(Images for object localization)
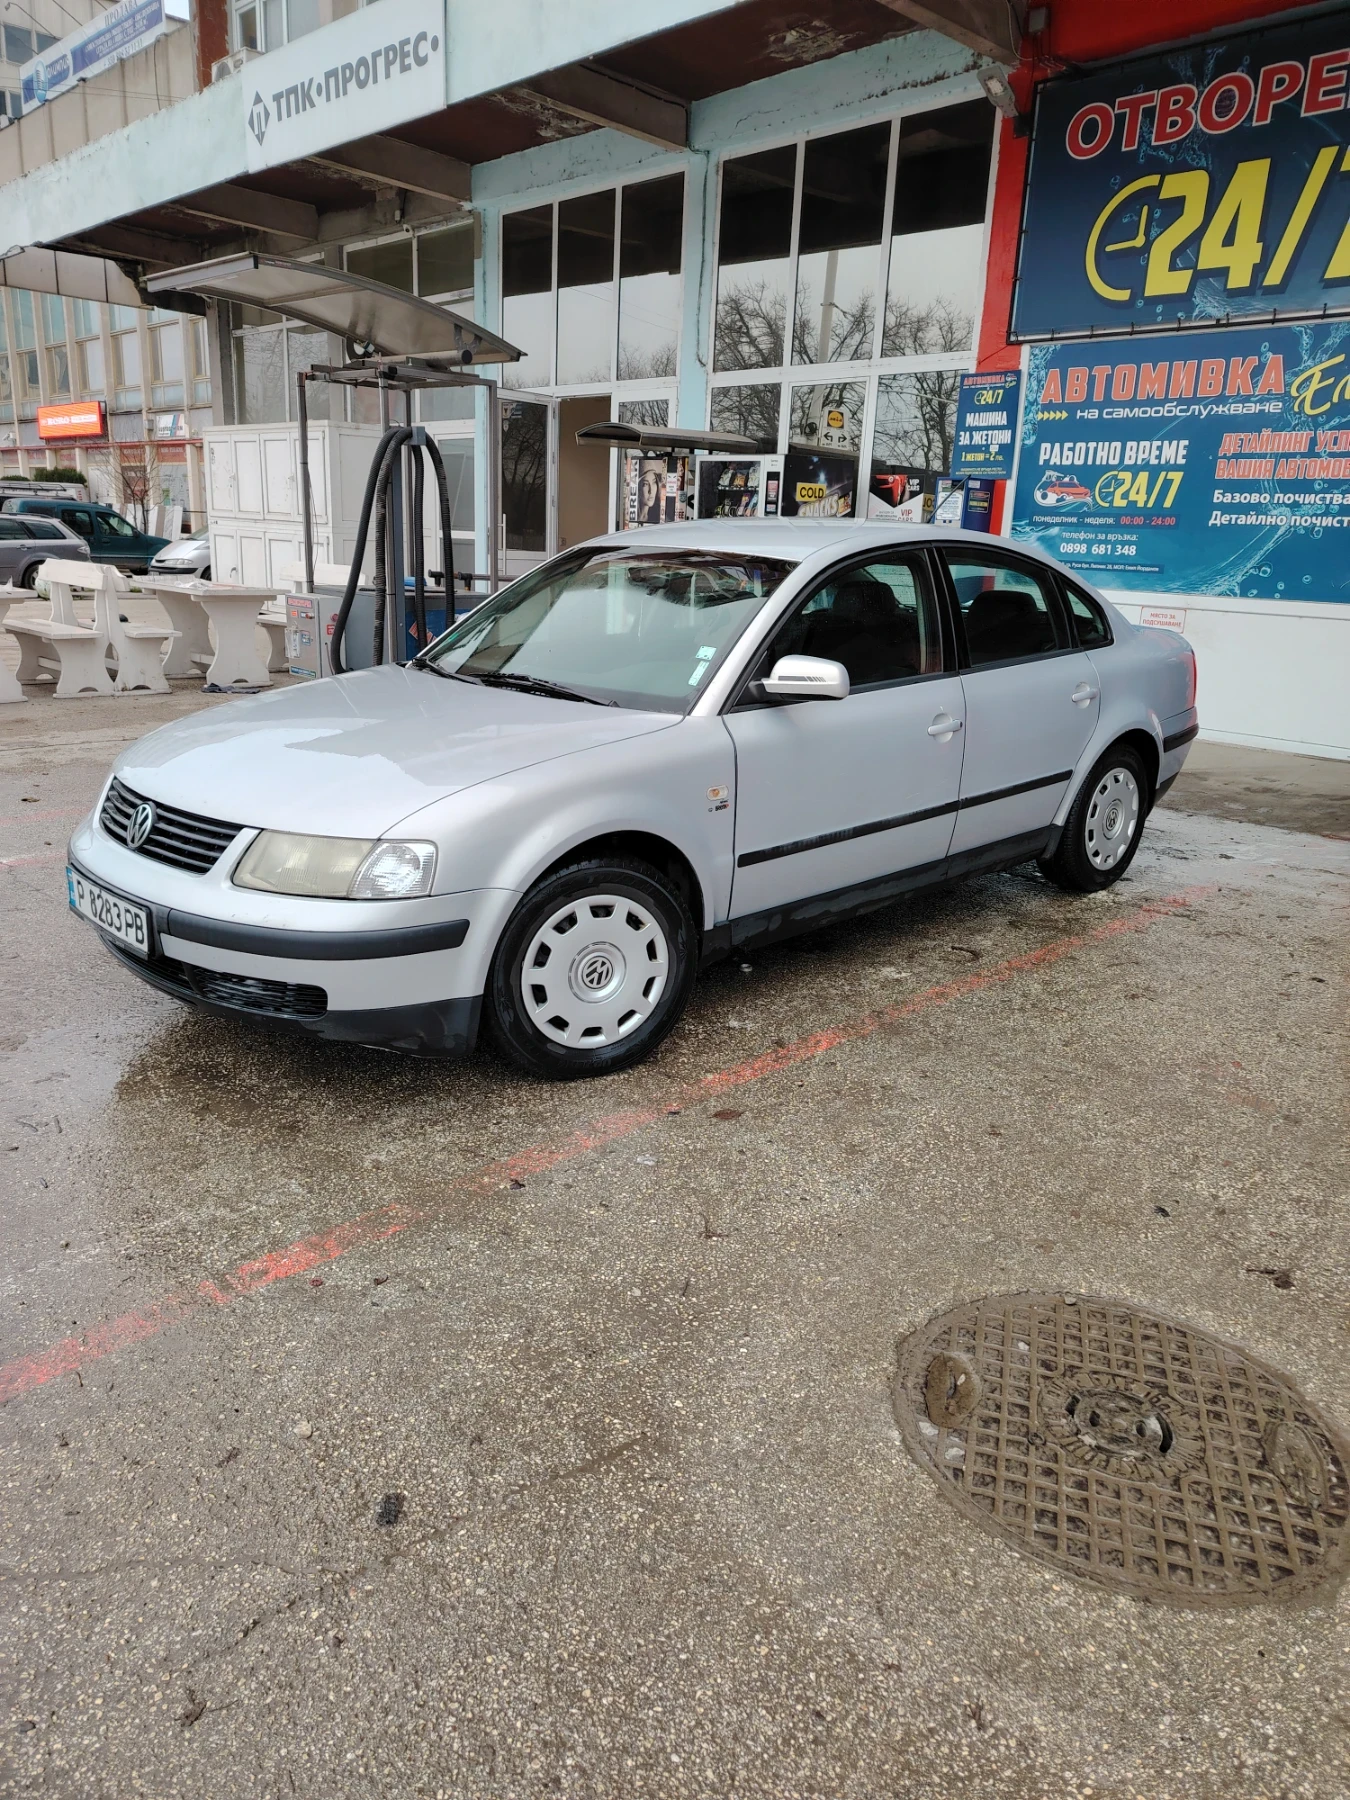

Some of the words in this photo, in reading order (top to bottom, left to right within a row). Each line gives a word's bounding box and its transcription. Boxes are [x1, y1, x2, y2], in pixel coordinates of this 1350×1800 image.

[1066, 47, 1350, 160] ОТВОРЕ
[1040, 354, 1285, 404] АВТОМИВКА
[1076, 409, 1099, 420] на
[1103, 401, 1283, 419] самообслужване
[965, 411, 1007, 427] МАШИНА
[958, 431, 970, 445] ЗА
[971, 430, 1012, 445] ЖЕТОНИ
[1218, 428, 1314, 456] ДЕТАЙЛИНГ
[1315, 430, 1350, 452] УСЛ
[1039, 441, 1122, 465] РАБОТНО
[1124, 440, 1189, 465] ВРЕМЕ
[1215, 459, 1275, 479] ВАШИЯ
[799, 487, 824, 499] COLD
[1113, 471, 1184, 508] 24/7
[1213, 490, 1270, 504] Базово
[1032, 515, 1078, 525] понеделник
[1120, 516, 1144, 525] 00:00
[1151, 517, 1176, 526] 24:00
[1208, 511, 1287, 527] Детайлно
[1062, 531, 1095, 541] телефон
[1060, 543, 1087, 553] 0898
[1091, 543, 1112, 555] 681
[1114, 544, 1137, 556] 348

__Requirement__.
Your copy should match the entries above exactly and contain no pictures.

__Answer to this task__.
Some of the words in this photo, in reading order (top to bottom, left to right within a row). Each line gives a word's bounding box and its transcription. Boxes are [x1, y1, x2, y2], in pixel coordinates of this 1350×1800 image.

[1066, 47, 1350, 160] ОТВОРЕ
[1040, 354, 1285, 404] АВТОМИВКА
[1076, 409, 1099, 420] на
[1103, 401, 1283, 419] самообслужване
[965, 411, 1007, 427] МАШИНА
[958, 431, 970, 445] ЗА
[971, 430, 1012, 445] ЖЕТОНИ
[1218, 428, 1314, 456] ДЕТАЙЛИНГ
[1315, 430, 1350, 452] УСЛ
[1039, 441, 1122, 465] РАБОТНО
[1124, 440, 1189, 465] ВРЕМЕ
[1215, 459, 1275, 479] ВАШИЯ
[799, 487, 824, 499] COLD
[1113, 471, 1184, 508] 24/7
[1213, 490, 1270, 504] Базово
[1032, 515, 1078, 525] понеделник
[1120, 516, 1144, 525] 00:00
[1151, 517, 1176, 526] 24:00
[1208, 511, 1287, 527] Детайлно
[1062, 531, 1095, 541] телефон
[1060, 543, 1087, 553] 0898
[1091, 543, 1112, 555] 681
[1114, 544, 1137, 556] 348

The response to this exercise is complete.